Medicare Educational Event Guidelines – CMS Rules for 2026
As an agent, you will find that hosting an educational event is a great and inexpensive way to get out there and meet potential clients. However, it is imperative that you understand Medicare educational event guidelines before you do anything.
Define: Educational Marketing
CMS draws a firm line:
- These events must be “educational” in name and intent, not promoting a specific plan, carrier, or agent.
- Avoid mentioning brand names, plan details, incentives, or statements such as “call me to enroll.”
- Agents also must not imply in any way that they work for Medicare itself.
Must Include Event Disclaimers
Advertisements and invites must clearly state:
- “For accommodations of persons with special needs at meetings call [insert phone and‑TTY number].”
- “This event is for educational purposes only and no plan‑specific benefits or details will be shared.”
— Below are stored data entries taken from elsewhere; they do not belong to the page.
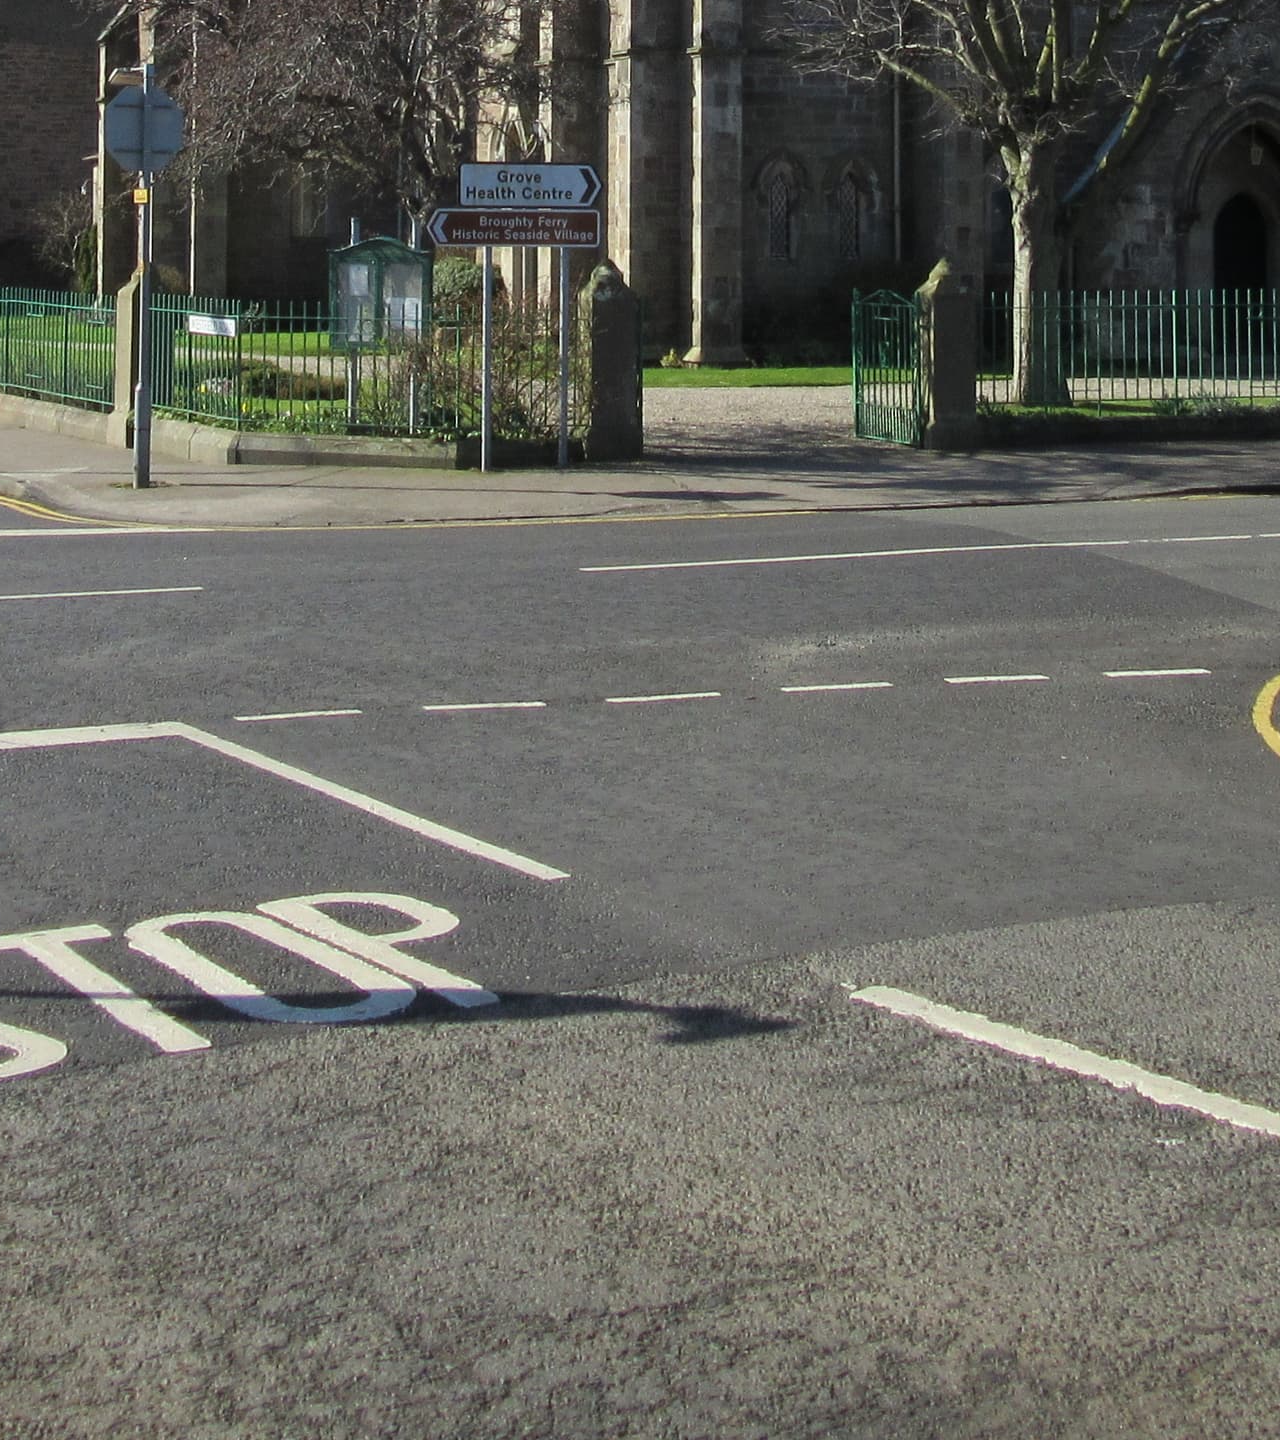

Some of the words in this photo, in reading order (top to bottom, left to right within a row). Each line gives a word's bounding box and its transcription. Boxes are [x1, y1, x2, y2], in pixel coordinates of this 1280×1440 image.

[497, 170, 542, 184] Grove
[466, 187, 516, 200] Health
[522, 187, 573, 200] Centre
[479, 215, 533, 229] Broughty
[538, 215, 568, 229] Ferry
[452, 229, 499, 240] Historic
[504, 229, 550, 240] Seaside
[554, 229, 594, 242] Village
Content & Tone: Fact‑Based & Neutral
- Cover Medicare basics; Parts A, B, C, D, eligibility, enrollment windows, general plan types.
- Share objective tools, e.g., comparisons, eligibility calculators, and CMS (Centers for Medicare & Medicaid Services) resources.
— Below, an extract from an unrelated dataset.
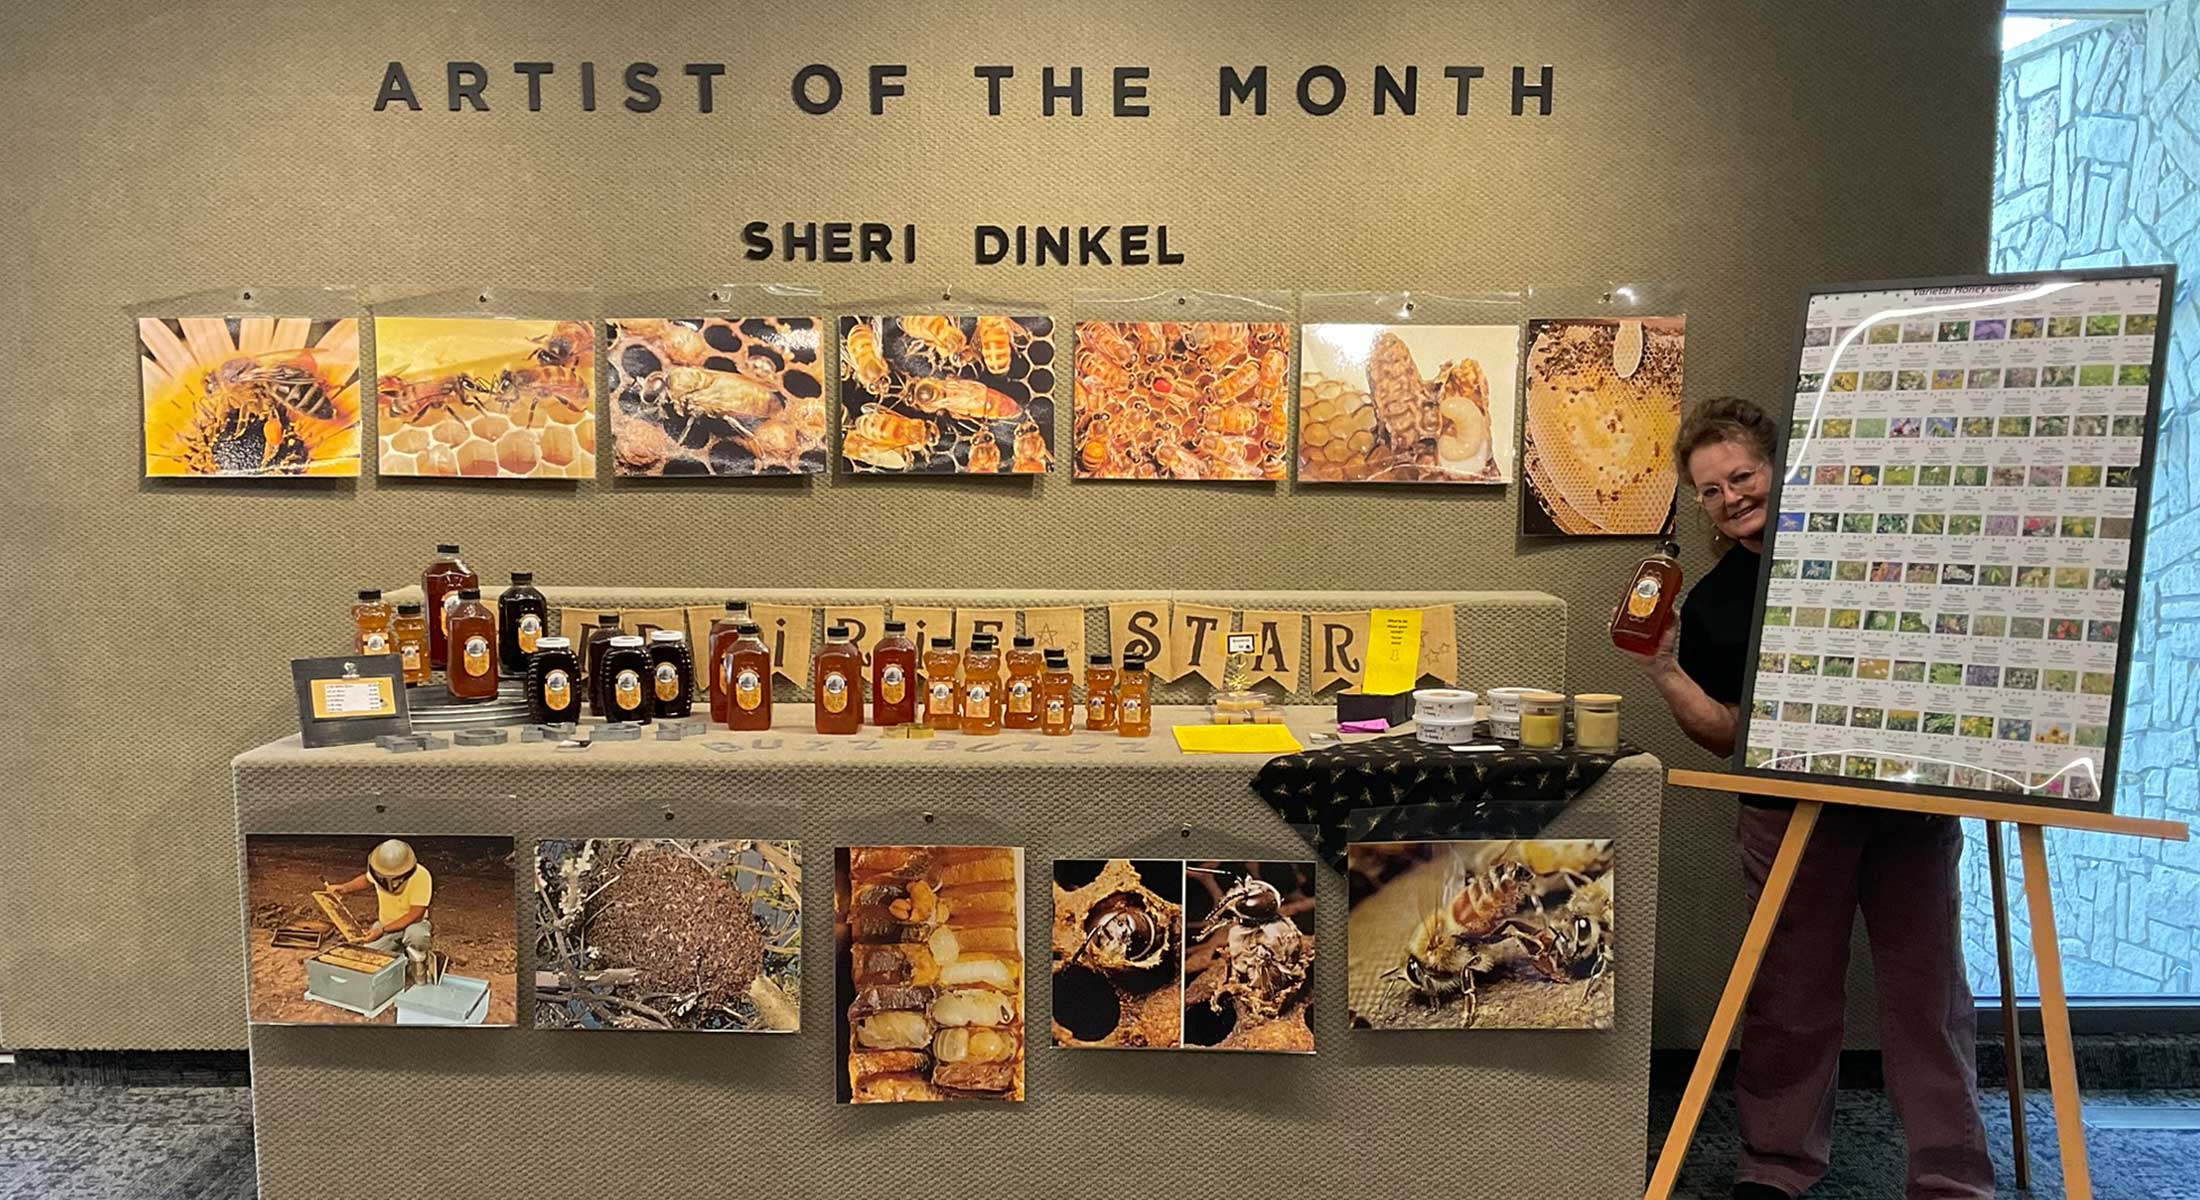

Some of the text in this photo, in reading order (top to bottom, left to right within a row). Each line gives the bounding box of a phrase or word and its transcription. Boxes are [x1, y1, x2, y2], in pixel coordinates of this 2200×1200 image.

[373, 61, 1554, 118] ARTIST OF THE MONTH
[743, 221, 1185, 266] SHERI DINKEL
[1954, 285, 1987, 295] Honey
[1124, 611, 1360, 673] STAR
- No steering: Personal recommendations or showing plan-specific premiums/benefits are prohibited.
Compliant Location & Registration
- Host events in public venues (e.g., libraries, community centers); not in private offices or health‑care settings, unless you use a common area.
- You may use a sign in sheet, however attendee use has to be optional.
- Be sure to register your event with the plan sponsor/MA organization if required (per MA/Part D compliance rules).
No Sales or Enrollment Activities
- Sales-focused tactics are forbidden; no enrollment scripts, plan comparisons, or benefit highlights.
- Do not take a SCOPE of appointment.
- It’s OK to show general enrollment periods and eligibility rules, but not to finalize or process enrollment.
Watch a YouTube video on Medicare Educational Seminar Best Practices
What agents can do
- Distribute generic materials such as business replay cards for attendees to request you contact them, but do not provide plan brochures or enrollment forms.
- Provide a light snack; keep in mind the value of the food must not exceed $15 per person.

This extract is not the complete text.